● **To do**:
What's needed is the listing below, repeated word for word with no pictures.

● **Data**:
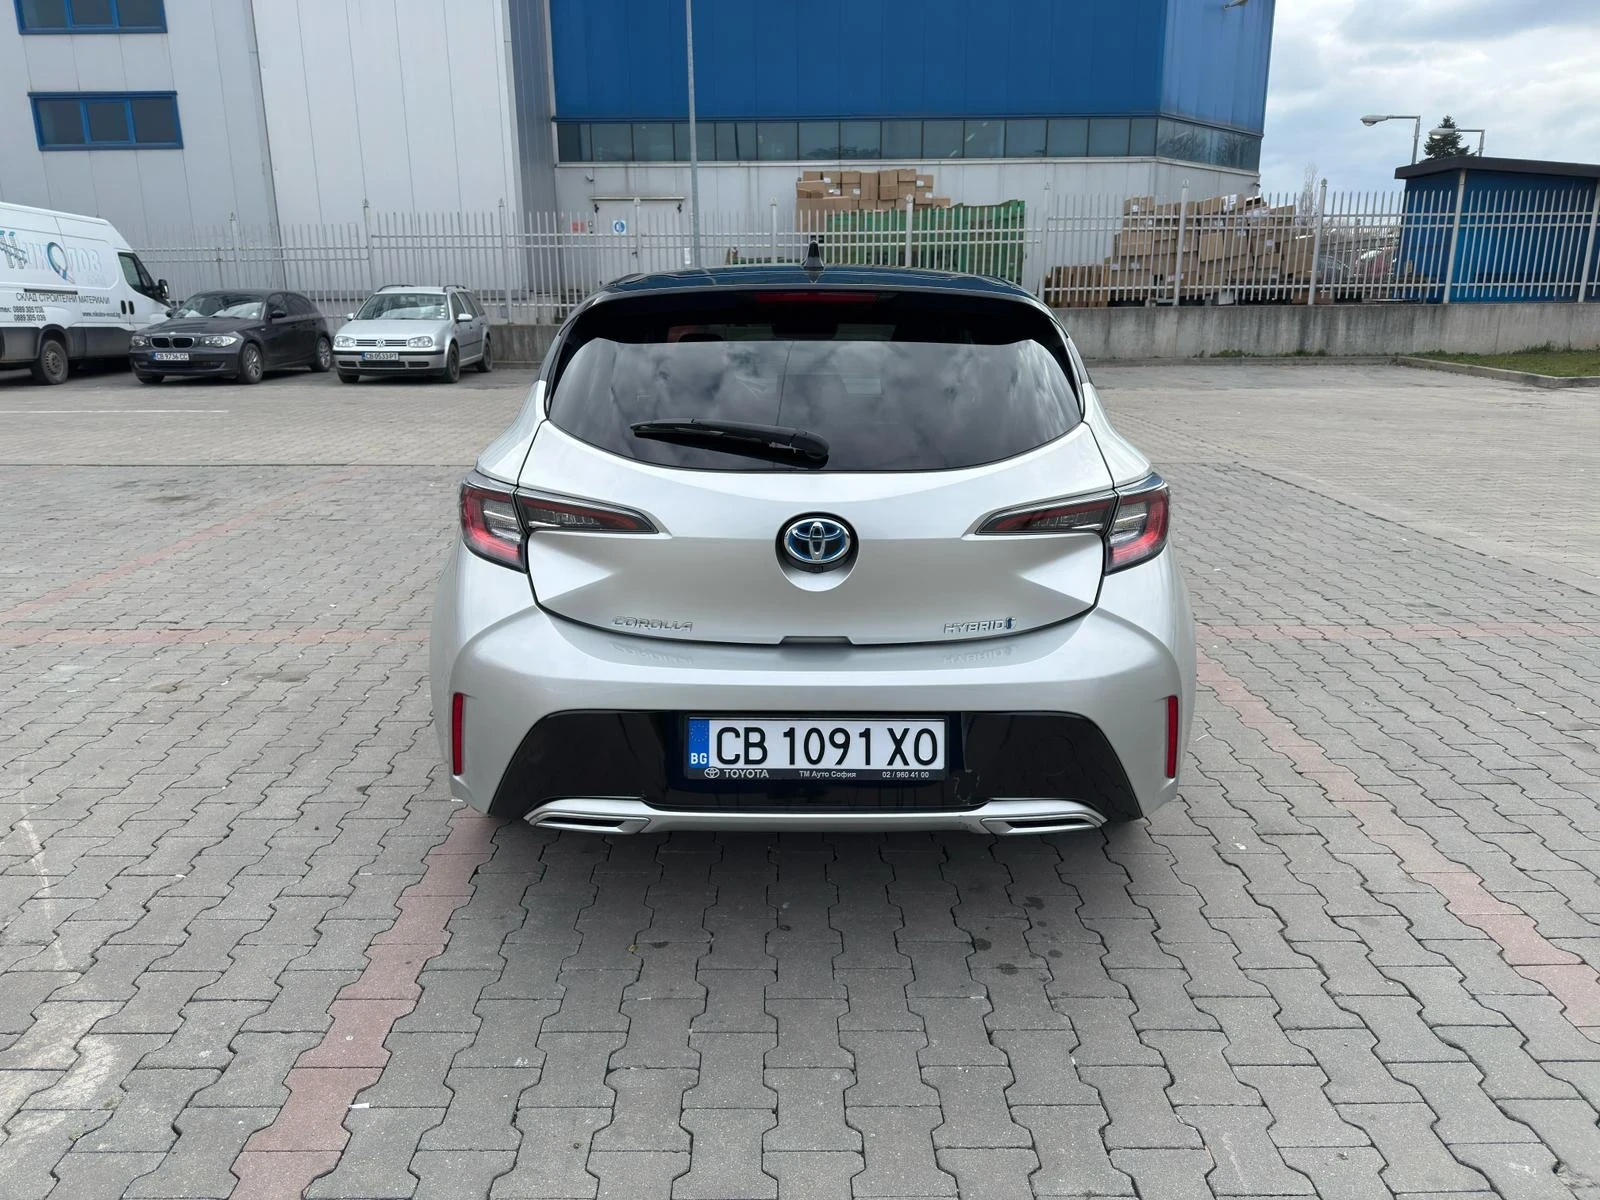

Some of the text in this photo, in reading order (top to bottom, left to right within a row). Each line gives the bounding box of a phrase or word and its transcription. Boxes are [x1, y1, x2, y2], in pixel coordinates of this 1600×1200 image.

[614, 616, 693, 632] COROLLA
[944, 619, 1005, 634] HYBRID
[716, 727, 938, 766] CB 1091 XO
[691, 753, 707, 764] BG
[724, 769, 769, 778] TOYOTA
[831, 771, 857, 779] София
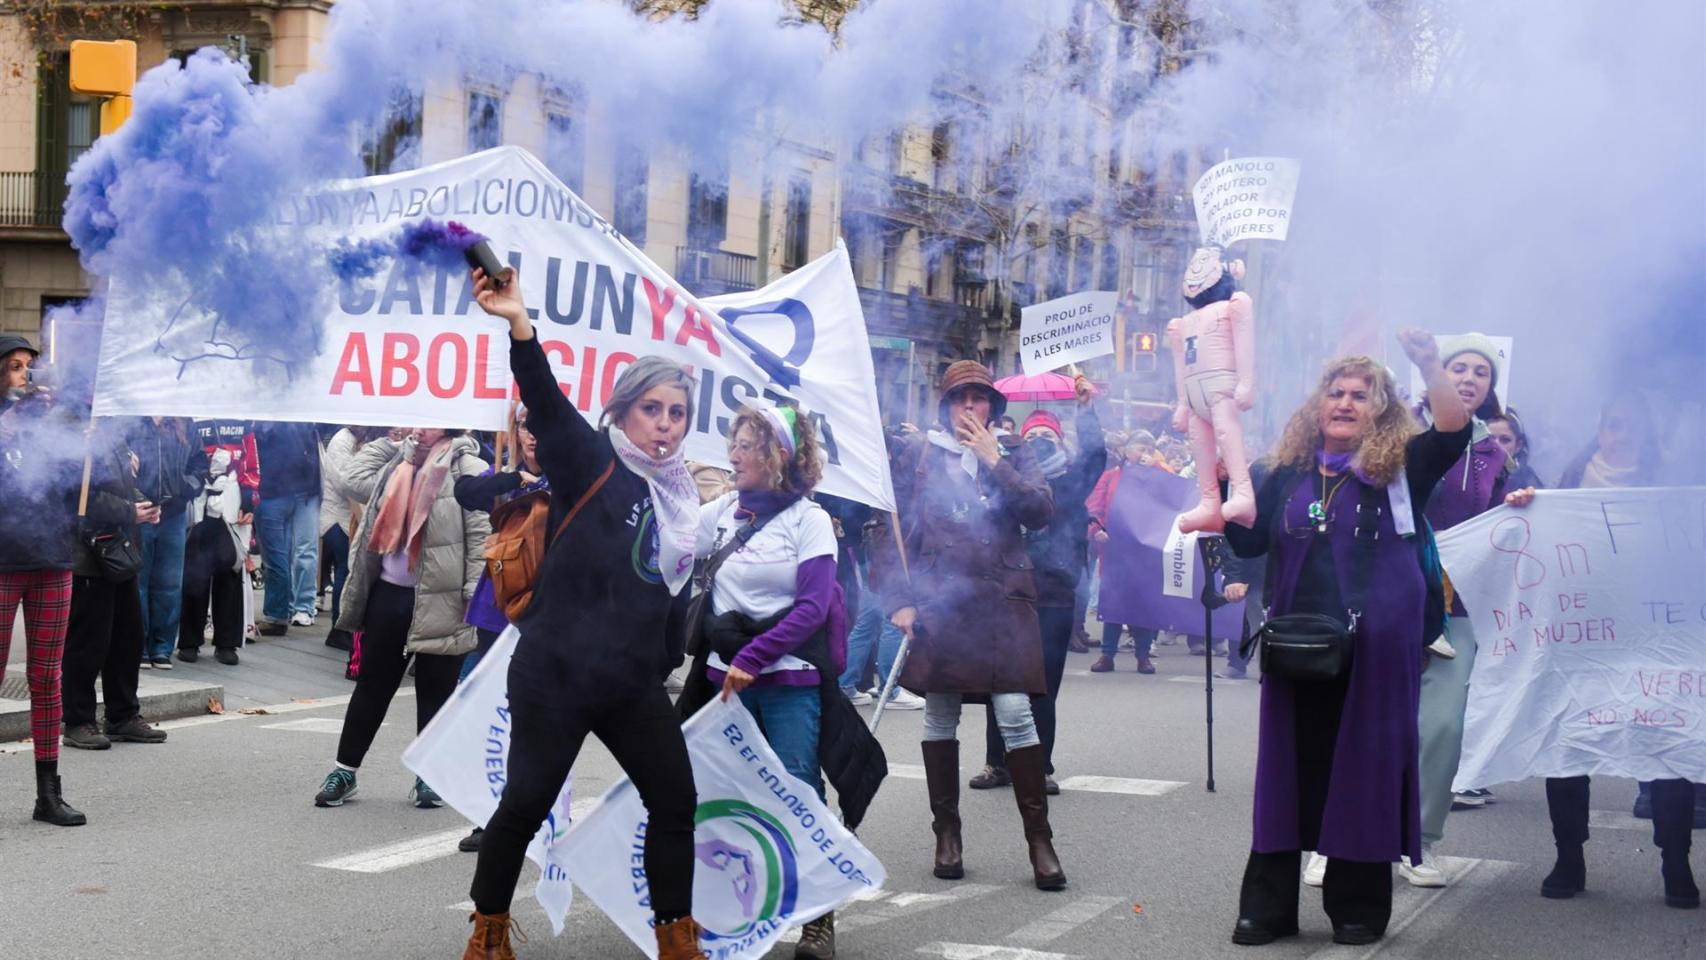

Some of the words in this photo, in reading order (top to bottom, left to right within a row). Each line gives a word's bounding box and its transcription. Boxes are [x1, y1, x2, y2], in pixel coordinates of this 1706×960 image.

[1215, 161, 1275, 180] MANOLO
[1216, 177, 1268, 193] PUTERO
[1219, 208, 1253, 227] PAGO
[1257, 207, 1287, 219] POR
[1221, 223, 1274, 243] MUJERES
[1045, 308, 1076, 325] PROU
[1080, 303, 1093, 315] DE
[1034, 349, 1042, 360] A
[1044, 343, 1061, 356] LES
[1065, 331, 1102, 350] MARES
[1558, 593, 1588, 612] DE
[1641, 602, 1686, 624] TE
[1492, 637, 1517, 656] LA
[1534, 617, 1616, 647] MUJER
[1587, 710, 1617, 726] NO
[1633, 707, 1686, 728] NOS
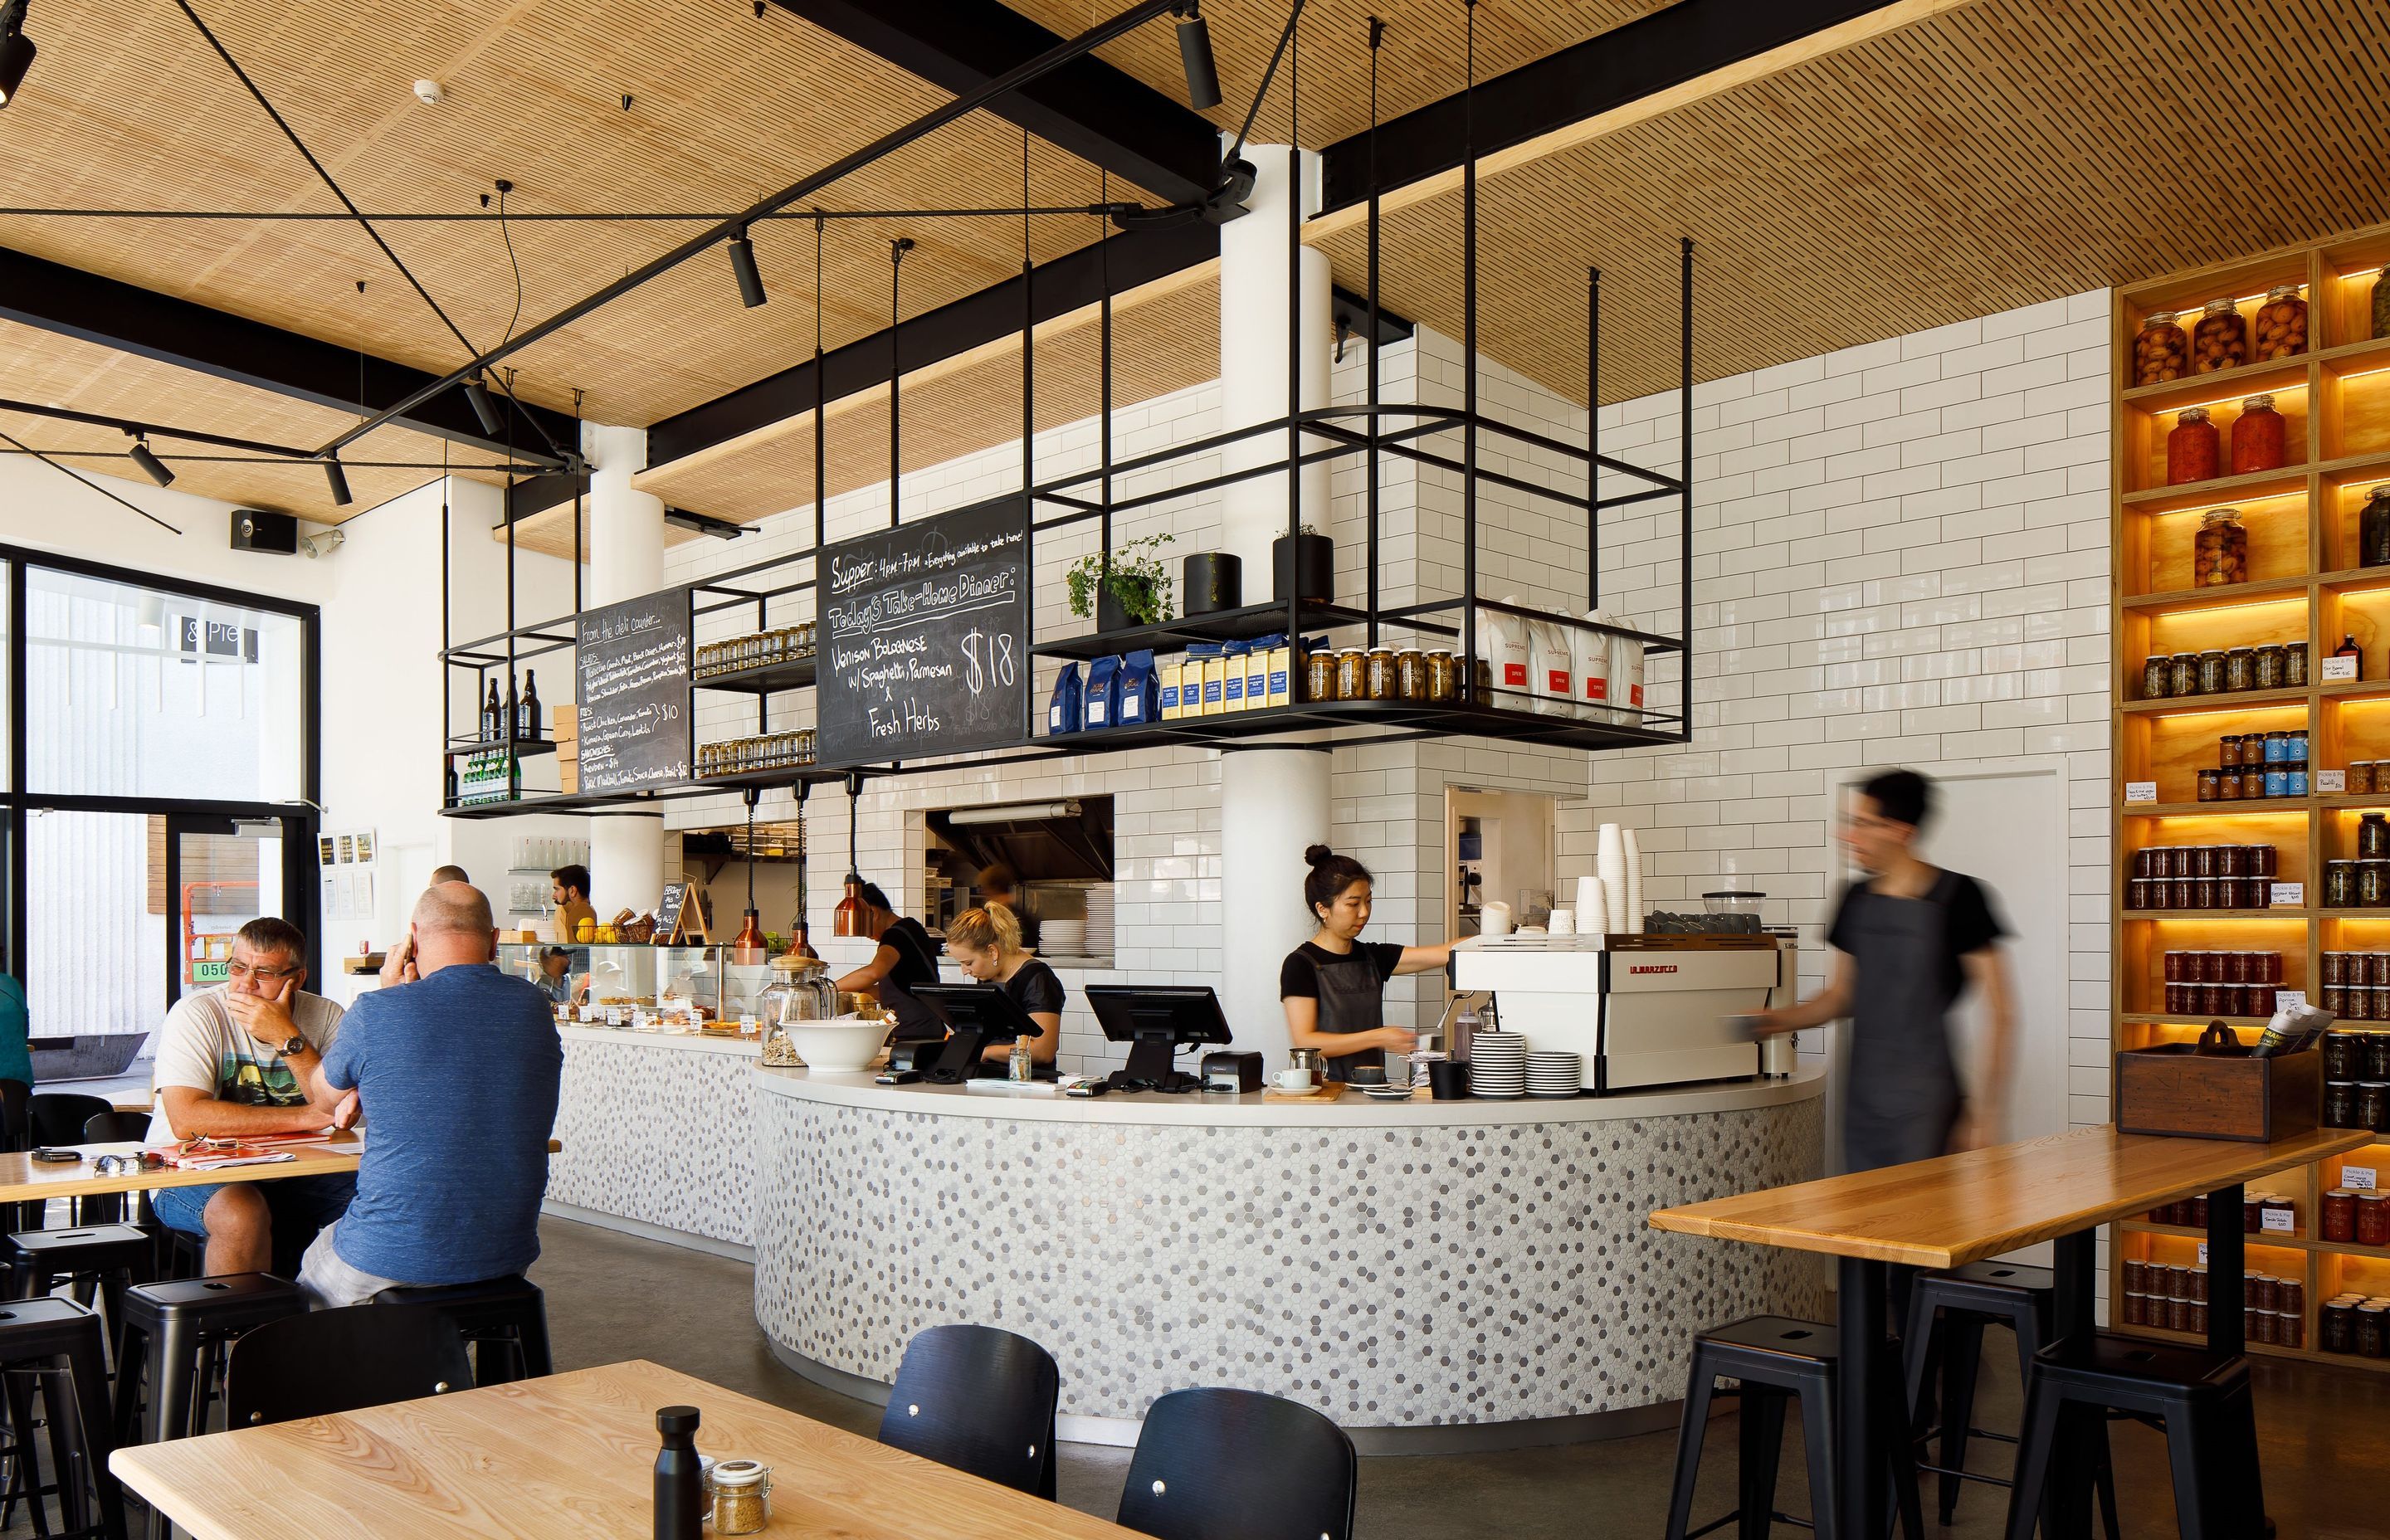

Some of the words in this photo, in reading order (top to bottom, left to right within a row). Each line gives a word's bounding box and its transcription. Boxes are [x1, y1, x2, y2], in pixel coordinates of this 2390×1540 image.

● **Your response**:
Some of the text in this photo, in reading order (top to bottom, left to right within a row). Each line gives the bounding box of a phrase or word and its transcription. Boxes are [x1, y1, x2, y2], in pixel coordinates of this 1600×1200 image.

[614, 616, 693, 632] COROLLA
[944, 619, 1005, 634] HYBRID
[716, 727, 938, 766] CB 1091 XO
[691, 753, 707, 764] BG
[724, 769, 769, 778] TOYOTA
[831, 771, 857, 779] София

Some of the words in this photo, in reading order (top to bottom, left to right within a row). Each line gives a word's bounding box and its transcription. Boxes are [x1, y1, x2, y2], in pixel coordinates of this 1706×960 image.

[1215, 161, 1275, 180] MANOLO
[1216, 177, 1268, 193] PUTERO
[1219, 208, 1253, 227] PAGO
[1257, 207, 1287, 219] POR
[1221, 223, 1274, 243] MUJERES
[1045, 308, 1076, 325] PROU
[1080, 303, 1093, 315] DE
[1034, 349, 1042, 360] A
[1044, 343, 1061, 356] LES
[1065, 331, 1102, 350] MARES
[1558, 593, 1588, 612] DE
[1641, 602, 1686, 624] TE
[1492, 637, 1517, 656] LA
[1534, 617, 1616, 647] MUJER
[1587, 710, 1617, 726] NO
[1633, 707, 1686, 728] NOS

Some of the words in this photo, in reading order (top to bottom, left to right within a row). Each line gives a word's bounding box and its transcription. Boxes are [x1, y1, x2, y2], in pixel coordinates of this 2390×1540 image.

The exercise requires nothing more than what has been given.